EMPLOYMENT AGREEMENT

     The Company entered into an agreement with Richard G. Sim in May 1994
which superseded his employment agreement originally entered into in July 1985.
The agreement provides that if Mr. Sim's employment with the Company is
terminated as a result of his death or permanent disability, he or his
beneficiary will receive his then current salary for a period of one year
following such termination and a pro rata portion of any bonus award earned for
the fiscal year in which such termination occurs.  During the term of the
agreement, the Company must maintain Mr. Sim's coverage under its present
long-term disability benefit plan or a substantially similar plan providing at
least comparable benefits.  In the event that Mr. Sim qualifies for a long-term
disability benefit under such plan, the Company will supplement any plan
benefit payable to Mr. Sim to the extent necessary to provide a total long-term
disability benefit payment that is equal to 30% of his then base pay.  Such
supplemental benefit will be provided at no cost to Mr. Sim.
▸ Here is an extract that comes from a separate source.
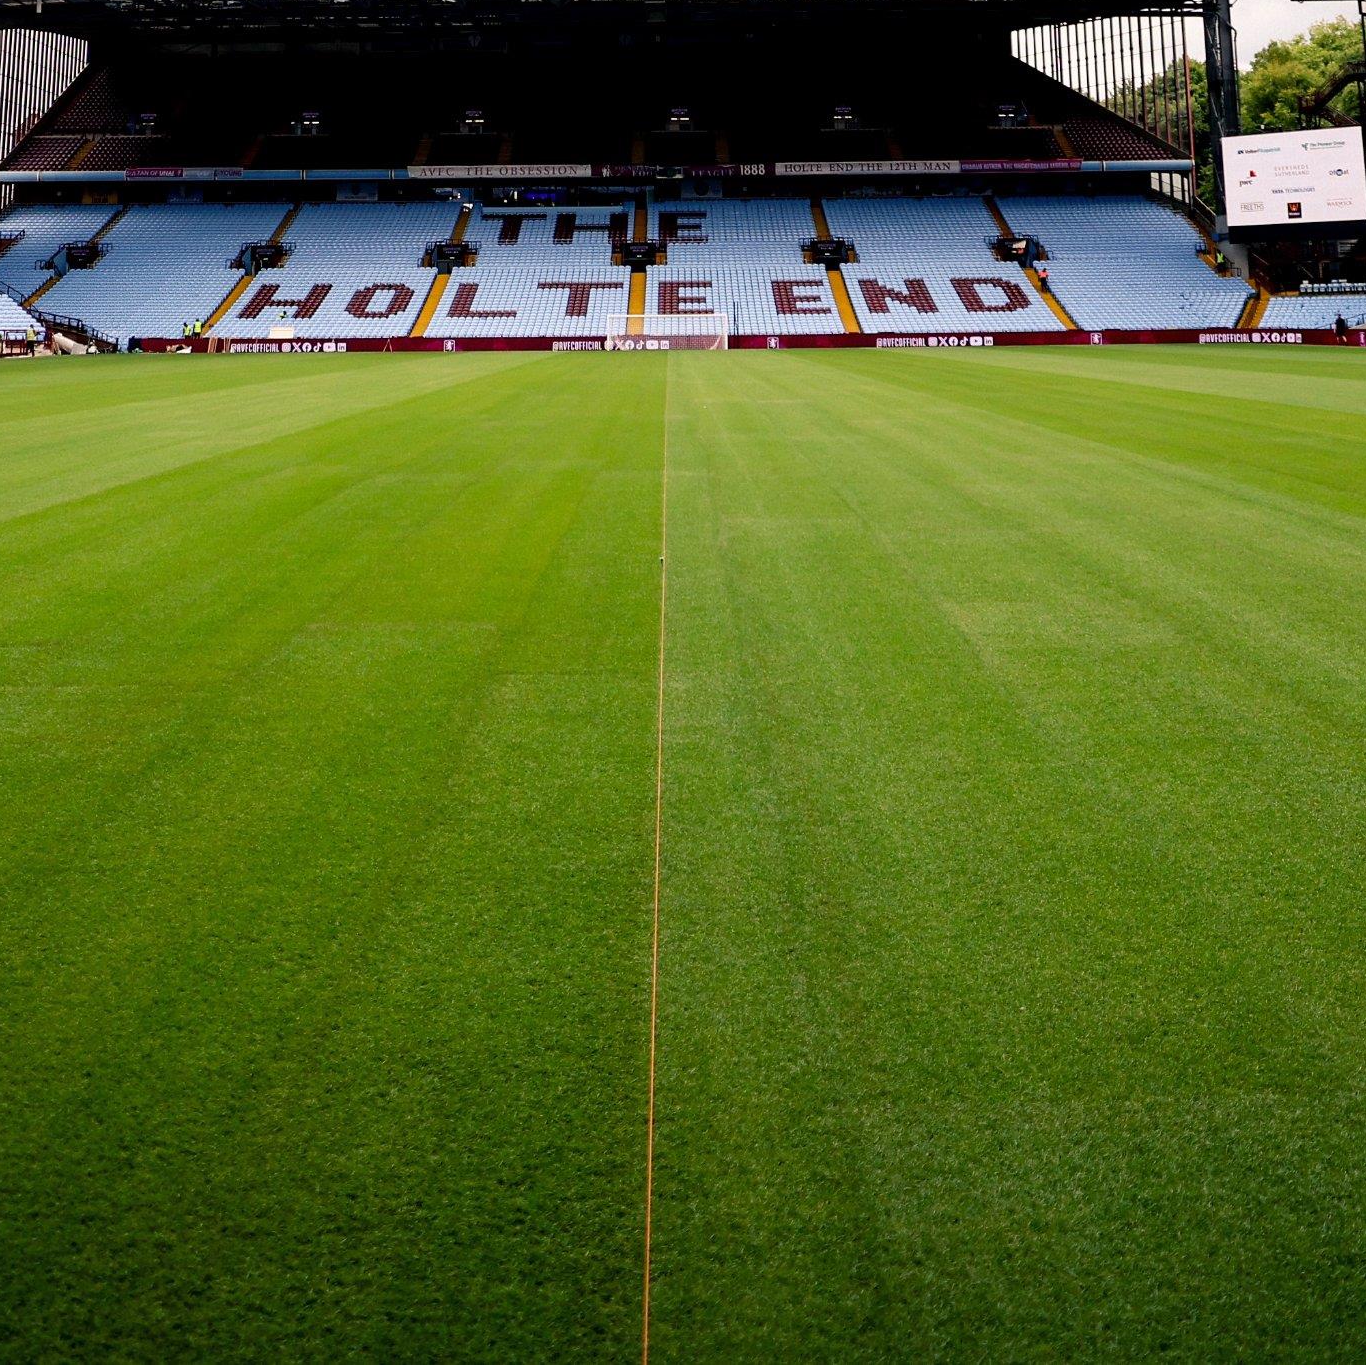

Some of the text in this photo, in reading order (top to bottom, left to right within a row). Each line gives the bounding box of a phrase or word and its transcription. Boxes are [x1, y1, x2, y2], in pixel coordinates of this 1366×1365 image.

                               OTHER INFORMATION

COMPLIANCE WITH SECTION 16(a) OF THE EXCHANGE ACT

     Based on information available to it, the Company is not aware that any
director, officer or beneficial owner of 10% or more of the Common Stock failed
to file on a timely basis reports required by Section 16(a) of the Securities
Exchange Act of 1934 during the last fiscal year, except that Ms. Barbara R.
Harris, a former officer of the Company, inadvertently failed to file on a
timely basis after leaving the Company, one report relating to four
transactions involving the simultaneous exercise of Company stock options and
sale of the underlying Common Stock.  These late filings were cured promptly
after Ms. Harris became aware of them.

INDEPENDENT PUBLIC ACCOUNTANTS

     The Board of Directors has selected Deloitte & Touche LLP as the
independent certified public accountants to audit the financial statements of
the Company for the fiscal year ending August 31, 1996.  The Company expects
that representatives of Deloitte & Touche LLP will be present at the Annual
Meeting and available to respond to appropriate questions and have the
opportunity to make a statement if they desire.

SHAREHOLDER PROPOSALS

     Shareholder proposals must be received by the Company no later than July
25, 1996 in order to be considered for inclusion in next year's annual meeting
proxy statement.

ADDITIONAL MATTERS

     Management is not aware of any matters which will be presented for action
at the Meeting other than the proposal set forth in the Notice of Annual
Meeting and described herein.  If other matters do come before the Meeting, it
is intended that proxies will be voted in accordance with the judgment of the
person or persons exercising the authority conferred thereby.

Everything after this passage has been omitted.